*What this task involves*:
Output exactly the lines from the one with "this 1280×1707 image." to the close of the records below, first and last included.

*Saved entries*:
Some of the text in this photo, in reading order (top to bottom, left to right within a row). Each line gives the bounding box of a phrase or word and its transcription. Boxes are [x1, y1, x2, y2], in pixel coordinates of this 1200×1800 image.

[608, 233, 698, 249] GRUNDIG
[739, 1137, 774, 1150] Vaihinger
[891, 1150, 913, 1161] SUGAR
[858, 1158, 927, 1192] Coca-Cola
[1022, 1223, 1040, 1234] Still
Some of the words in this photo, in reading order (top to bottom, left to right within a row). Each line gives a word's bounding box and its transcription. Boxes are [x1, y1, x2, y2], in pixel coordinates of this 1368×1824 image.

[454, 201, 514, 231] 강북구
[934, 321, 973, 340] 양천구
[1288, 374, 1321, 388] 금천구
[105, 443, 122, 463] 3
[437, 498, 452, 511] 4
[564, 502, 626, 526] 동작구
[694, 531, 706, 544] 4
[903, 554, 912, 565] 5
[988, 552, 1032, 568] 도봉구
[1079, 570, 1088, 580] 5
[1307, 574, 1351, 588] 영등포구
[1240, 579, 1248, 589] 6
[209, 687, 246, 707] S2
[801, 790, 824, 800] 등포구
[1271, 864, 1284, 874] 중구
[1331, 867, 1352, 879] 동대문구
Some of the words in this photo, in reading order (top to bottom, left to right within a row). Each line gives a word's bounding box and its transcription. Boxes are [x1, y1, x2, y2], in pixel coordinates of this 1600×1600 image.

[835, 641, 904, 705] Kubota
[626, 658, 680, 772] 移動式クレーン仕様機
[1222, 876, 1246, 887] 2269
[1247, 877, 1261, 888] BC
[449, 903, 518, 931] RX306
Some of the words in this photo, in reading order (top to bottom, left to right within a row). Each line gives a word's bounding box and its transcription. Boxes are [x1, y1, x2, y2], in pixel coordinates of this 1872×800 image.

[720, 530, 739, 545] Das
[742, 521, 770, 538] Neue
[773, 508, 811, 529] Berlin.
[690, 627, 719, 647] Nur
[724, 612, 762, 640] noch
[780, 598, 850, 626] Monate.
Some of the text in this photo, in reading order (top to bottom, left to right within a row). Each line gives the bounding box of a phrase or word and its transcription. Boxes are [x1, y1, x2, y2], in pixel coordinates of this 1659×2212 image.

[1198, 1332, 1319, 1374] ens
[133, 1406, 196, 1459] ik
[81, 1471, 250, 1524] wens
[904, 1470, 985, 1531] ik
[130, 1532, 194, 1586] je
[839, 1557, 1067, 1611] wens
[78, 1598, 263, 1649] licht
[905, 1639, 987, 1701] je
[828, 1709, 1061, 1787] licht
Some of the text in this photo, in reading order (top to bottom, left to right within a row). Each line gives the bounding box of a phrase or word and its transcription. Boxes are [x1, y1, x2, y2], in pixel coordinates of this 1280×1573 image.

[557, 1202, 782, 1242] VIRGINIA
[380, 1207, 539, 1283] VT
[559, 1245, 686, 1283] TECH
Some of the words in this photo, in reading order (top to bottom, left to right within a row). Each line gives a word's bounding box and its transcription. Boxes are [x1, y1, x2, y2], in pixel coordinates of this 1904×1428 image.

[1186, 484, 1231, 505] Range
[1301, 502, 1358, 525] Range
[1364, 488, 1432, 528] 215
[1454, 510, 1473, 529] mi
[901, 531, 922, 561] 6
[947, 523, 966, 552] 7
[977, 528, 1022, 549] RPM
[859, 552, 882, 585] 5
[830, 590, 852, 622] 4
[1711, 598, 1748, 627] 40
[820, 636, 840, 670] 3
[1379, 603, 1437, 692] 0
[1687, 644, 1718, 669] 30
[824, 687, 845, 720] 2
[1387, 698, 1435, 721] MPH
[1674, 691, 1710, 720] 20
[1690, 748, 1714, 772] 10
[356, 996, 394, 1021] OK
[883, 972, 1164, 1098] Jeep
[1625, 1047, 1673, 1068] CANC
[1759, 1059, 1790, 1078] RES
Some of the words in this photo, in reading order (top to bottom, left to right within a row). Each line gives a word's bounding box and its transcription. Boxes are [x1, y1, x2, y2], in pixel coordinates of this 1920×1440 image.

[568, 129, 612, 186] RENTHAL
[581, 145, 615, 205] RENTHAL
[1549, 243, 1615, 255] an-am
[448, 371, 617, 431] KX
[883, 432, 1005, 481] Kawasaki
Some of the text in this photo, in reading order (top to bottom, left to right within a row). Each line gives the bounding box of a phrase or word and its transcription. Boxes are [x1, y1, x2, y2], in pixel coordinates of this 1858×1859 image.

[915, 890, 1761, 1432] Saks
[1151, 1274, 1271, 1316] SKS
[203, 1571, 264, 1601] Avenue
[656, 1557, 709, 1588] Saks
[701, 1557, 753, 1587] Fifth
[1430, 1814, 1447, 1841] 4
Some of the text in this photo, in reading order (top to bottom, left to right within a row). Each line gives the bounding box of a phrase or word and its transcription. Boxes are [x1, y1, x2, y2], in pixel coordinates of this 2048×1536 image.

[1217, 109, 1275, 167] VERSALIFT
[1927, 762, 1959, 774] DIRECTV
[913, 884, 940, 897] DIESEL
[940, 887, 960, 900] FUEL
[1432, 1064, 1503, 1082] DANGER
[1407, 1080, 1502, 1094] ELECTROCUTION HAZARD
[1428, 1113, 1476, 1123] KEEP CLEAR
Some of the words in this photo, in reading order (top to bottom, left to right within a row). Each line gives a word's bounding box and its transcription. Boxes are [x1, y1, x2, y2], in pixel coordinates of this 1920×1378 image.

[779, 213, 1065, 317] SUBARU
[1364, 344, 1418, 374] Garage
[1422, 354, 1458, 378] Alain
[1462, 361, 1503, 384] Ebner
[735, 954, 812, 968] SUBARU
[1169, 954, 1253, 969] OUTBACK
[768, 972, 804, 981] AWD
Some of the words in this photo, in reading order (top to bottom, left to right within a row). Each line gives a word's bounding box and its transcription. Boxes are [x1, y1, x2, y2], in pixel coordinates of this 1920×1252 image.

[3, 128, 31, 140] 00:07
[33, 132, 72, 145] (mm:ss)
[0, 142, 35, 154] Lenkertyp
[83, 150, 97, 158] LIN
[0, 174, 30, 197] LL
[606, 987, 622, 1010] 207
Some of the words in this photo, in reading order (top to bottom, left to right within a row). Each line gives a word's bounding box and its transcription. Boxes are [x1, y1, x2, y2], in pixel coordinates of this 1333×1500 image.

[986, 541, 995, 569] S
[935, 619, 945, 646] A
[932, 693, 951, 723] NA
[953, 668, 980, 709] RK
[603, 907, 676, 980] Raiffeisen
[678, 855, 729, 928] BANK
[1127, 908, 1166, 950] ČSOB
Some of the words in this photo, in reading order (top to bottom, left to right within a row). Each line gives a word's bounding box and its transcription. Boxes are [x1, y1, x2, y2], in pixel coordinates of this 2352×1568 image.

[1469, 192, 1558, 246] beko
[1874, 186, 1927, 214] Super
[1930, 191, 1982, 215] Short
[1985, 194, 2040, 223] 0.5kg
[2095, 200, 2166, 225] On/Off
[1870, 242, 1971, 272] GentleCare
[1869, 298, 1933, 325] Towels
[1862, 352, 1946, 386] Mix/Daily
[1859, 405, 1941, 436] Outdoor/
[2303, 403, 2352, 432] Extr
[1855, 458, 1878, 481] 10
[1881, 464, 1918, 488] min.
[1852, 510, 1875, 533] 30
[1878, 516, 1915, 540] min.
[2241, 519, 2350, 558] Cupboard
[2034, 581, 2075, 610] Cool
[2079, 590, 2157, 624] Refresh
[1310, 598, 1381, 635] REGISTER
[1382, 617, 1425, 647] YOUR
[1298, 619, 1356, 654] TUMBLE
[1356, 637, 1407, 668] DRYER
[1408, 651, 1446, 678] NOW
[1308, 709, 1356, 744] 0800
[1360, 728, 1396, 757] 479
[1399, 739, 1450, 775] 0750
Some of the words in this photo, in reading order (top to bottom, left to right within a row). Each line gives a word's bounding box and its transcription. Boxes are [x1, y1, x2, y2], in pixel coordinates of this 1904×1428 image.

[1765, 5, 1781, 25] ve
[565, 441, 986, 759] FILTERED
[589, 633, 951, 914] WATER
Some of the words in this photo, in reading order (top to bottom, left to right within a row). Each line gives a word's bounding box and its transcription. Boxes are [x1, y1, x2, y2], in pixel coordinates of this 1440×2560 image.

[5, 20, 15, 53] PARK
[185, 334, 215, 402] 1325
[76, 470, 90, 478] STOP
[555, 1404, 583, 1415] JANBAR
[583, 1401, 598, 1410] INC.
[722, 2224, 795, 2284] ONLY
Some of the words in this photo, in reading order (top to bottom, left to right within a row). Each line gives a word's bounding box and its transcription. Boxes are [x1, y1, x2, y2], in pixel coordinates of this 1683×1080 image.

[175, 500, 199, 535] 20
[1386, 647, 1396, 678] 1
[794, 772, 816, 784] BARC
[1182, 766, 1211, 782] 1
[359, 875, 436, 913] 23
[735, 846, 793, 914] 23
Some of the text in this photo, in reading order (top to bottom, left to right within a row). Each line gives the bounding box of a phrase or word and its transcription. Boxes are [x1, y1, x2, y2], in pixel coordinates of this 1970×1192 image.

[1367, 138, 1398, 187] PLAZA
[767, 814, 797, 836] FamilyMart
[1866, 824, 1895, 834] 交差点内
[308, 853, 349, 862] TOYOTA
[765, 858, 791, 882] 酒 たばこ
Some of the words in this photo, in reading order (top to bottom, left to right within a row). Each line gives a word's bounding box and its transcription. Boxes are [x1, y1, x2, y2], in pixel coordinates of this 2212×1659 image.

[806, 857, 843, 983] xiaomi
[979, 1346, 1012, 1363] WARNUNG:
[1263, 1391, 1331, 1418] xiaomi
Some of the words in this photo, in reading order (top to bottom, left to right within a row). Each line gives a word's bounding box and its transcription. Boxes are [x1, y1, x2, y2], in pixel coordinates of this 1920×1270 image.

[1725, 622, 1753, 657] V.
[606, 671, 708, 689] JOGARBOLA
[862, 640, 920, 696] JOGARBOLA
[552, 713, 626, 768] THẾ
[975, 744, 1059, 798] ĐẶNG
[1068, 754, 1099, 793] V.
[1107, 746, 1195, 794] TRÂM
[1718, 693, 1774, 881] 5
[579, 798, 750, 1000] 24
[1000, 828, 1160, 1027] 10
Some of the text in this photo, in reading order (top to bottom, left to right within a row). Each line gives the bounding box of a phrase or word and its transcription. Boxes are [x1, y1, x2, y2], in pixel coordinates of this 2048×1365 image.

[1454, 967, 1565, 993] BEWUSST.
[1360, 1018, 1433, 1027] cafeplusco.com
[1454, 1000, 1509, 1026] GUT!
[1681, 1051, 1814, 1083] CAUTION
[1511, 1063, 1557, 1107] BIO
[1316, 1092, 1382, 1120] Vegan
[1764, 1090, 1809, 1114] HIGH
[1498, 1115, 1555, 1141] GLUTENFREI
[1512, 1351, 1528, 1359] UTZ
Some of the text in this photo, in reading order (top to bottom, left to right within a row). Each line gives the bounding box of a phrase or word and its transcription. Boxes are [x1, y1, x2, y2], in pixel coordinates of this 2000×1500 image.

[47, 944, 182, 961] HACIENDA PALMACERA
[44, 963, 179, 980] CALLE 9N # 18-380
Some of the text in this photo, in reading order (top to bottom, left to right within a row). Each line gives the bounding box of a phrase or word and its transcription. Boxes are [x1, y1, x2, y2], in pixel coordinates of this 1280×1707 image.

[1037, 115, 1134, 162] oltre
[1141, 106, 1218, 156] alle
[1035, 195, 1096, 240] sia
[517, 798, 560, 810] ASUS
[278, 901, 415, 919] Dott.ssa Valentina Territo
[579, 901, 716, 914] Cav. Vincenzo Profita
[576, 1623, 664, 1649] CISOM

*Answer below*:
Some of the text in this photo, in reading order (top to bottom, left to right within a row). Each line gives the bounding box of a phrase or word and its transcription. Boxes are [x1, y1, x2, y2], in pixel coordinates of this 1280×1707 image.

[1037, 115, 1134, 162] oltre
[1141, 106, 1218, 156] alle
[1035, 195, 1096, 240] sia
[517, 798, 560, 810] ASUS
[278, 901, 415, 919] Dott.ssa Valentina Territo
[579, 901, 716, 914] Cav. Vincenzo Profita
[576, 1623, 664, 1649] CISOM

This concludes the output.